Here the Lord teaches that He prays to the Father who is in heaven. His command to the deaf-mute’s ears and tongue were also a prayer to the Father. And the Father always hears the Son and so the deaf-mutes ears were unstopped and his tongue was loosed, just as the Son had prayed and the Father had heard.

Jesus prays for us, too. He is our High Priest, interceding on our behalf. His prayers are not hidden from us. He prays to the Father that we would hear and believe Him by hearing the words of His apostles. His prayer for us is recording in St. John, chapter 17. He prays that we would remain faithful. He doesn’t pray that we would be taken out of this world or that our diseases and sicknesses would flee from us. He doesn’t pray that our lives would get better or that our loved ones would survive their fiery trials.

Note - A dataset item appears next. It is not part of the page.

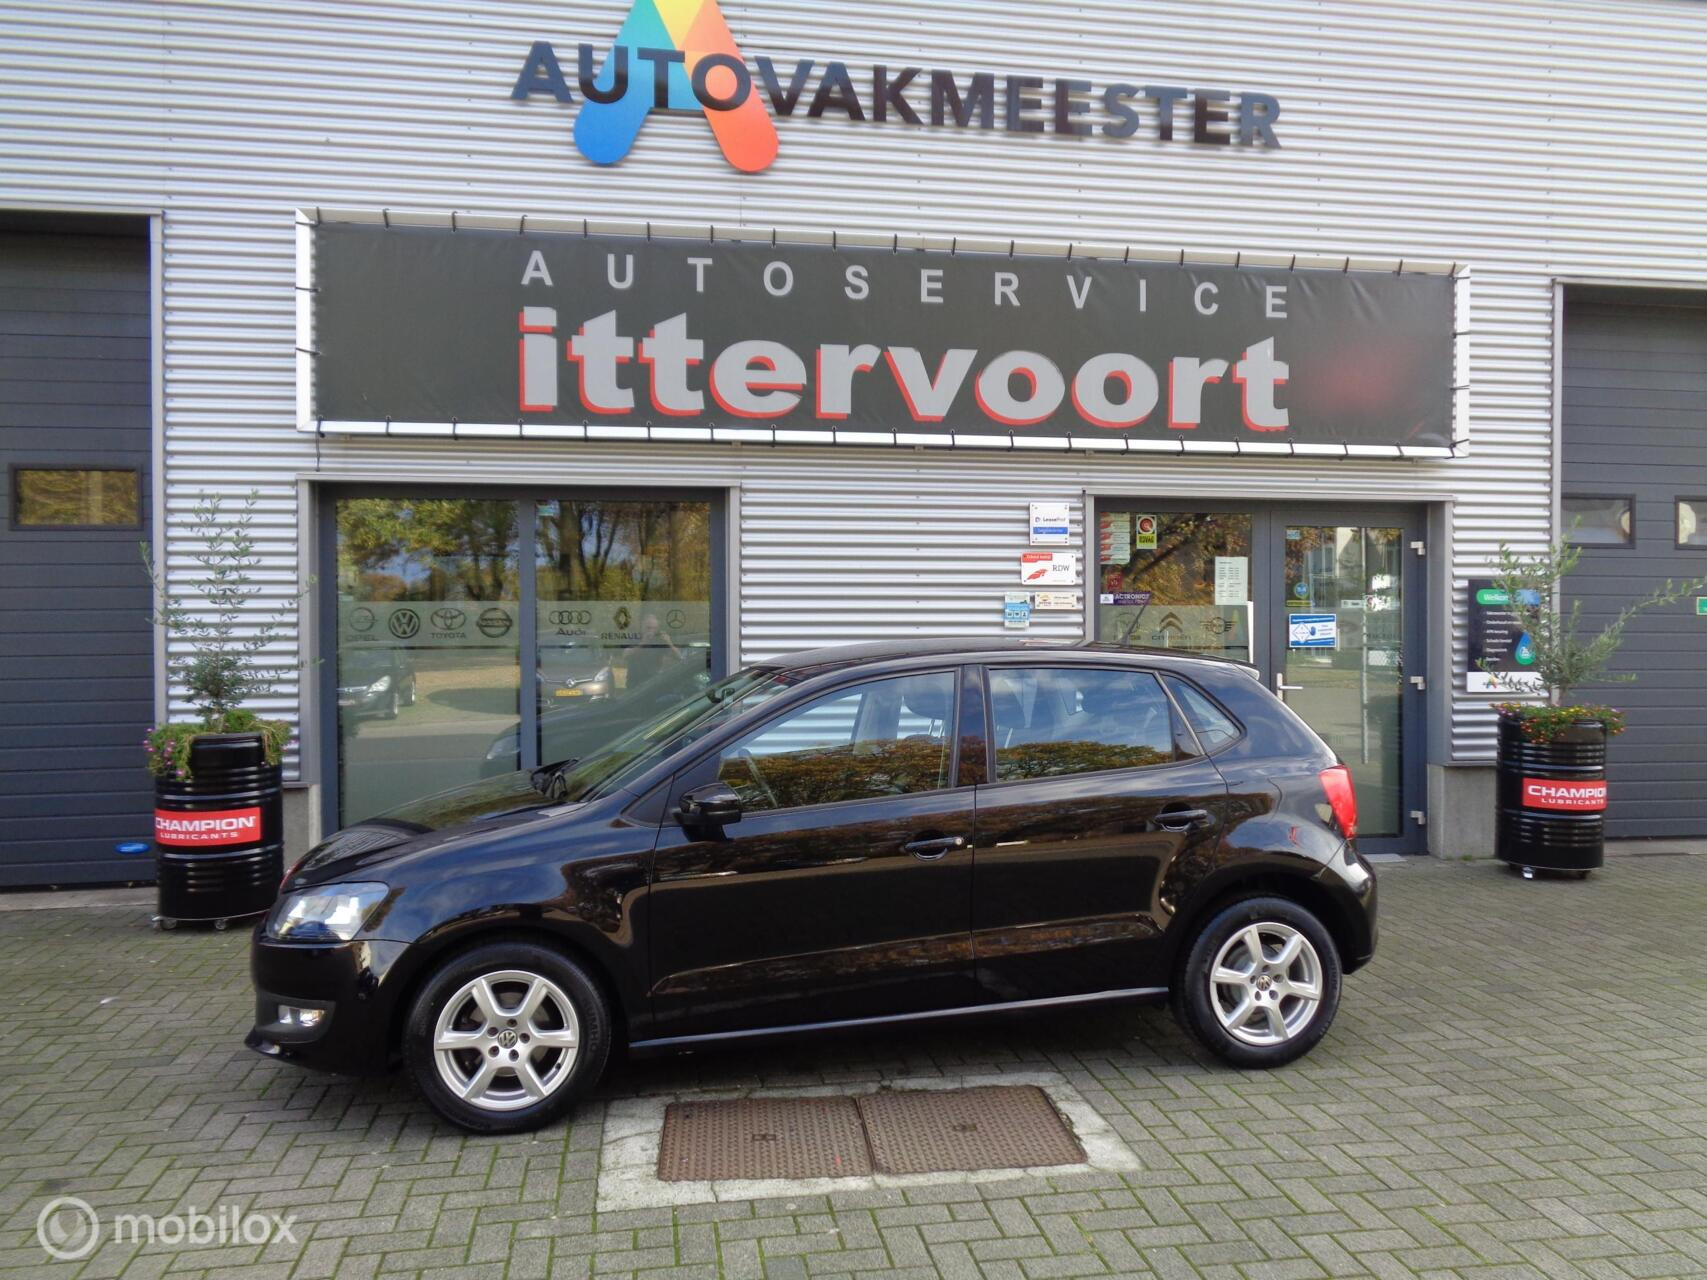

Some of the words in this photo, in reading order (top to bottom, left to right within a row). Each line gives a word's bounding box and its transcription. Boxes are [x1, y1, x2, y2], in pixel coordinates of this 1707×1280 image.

He prays for faith; that we would trust in our heavenly Father as He trusts in Him.

And so we are here. The Father always hears the Son and so we are here, believing and receiving, hearing and praying ourselves. We hear the word of the Lord in the new ears that He has given us and we pray to the Father with the new tongue that the Lord has loosed. We pray in the Spirit.

That doesn’t mean we don’t pray out loud or that our prayers are unintelligible to the human ear. The Lord’s prayers were both audible and understandable and yet He always spoke in the Spirit. To pray in the Spirit, to speak in the Spirit, simply means to pray and speak the words of the Father. It means to give glory to God as our Lord did here when He gazed into heaven. It means to call upon our heavenly Father for all things as our Lord did here and everywhere, trusting in His Father for all things.

We are people of the Spirit, spiritual beings. That doesn’t mean our bodies don’t matter anymore than it means that Jesus’ body didn’t matter. His body is of the highest importance. For without His body He could not have suffered and died for us; He could not have shed His blood if He’d had no blood to shed. And He could not have been risen from the dead if there was no body to raise.  Not only so, but the Lord healed this man’s body – the deaf-mute – and promises to raise our bodies on the last day. Our bodies are very important. They are our spiritual offering, in fact. By coming here to hear the word of the Lord and receive from the Lord His blessings and promises you are submitting your body to the Lord and offering yourself to Him. This is good and right.

Being people of the Spirit, spiritual people, means that we are guided by the Spirit of God, the Holy Spirit, who speaks to us through the apostles and prophets and guides our feet – that is, what we say and do – by those same apostles and prophets. Being spiritual people means that we, too, with our Lord Jesus, gaze up into the heavens and sigh, calling out to our Father in heaven that He would hear us and give us the true faith of His Son that we should be called the children of God.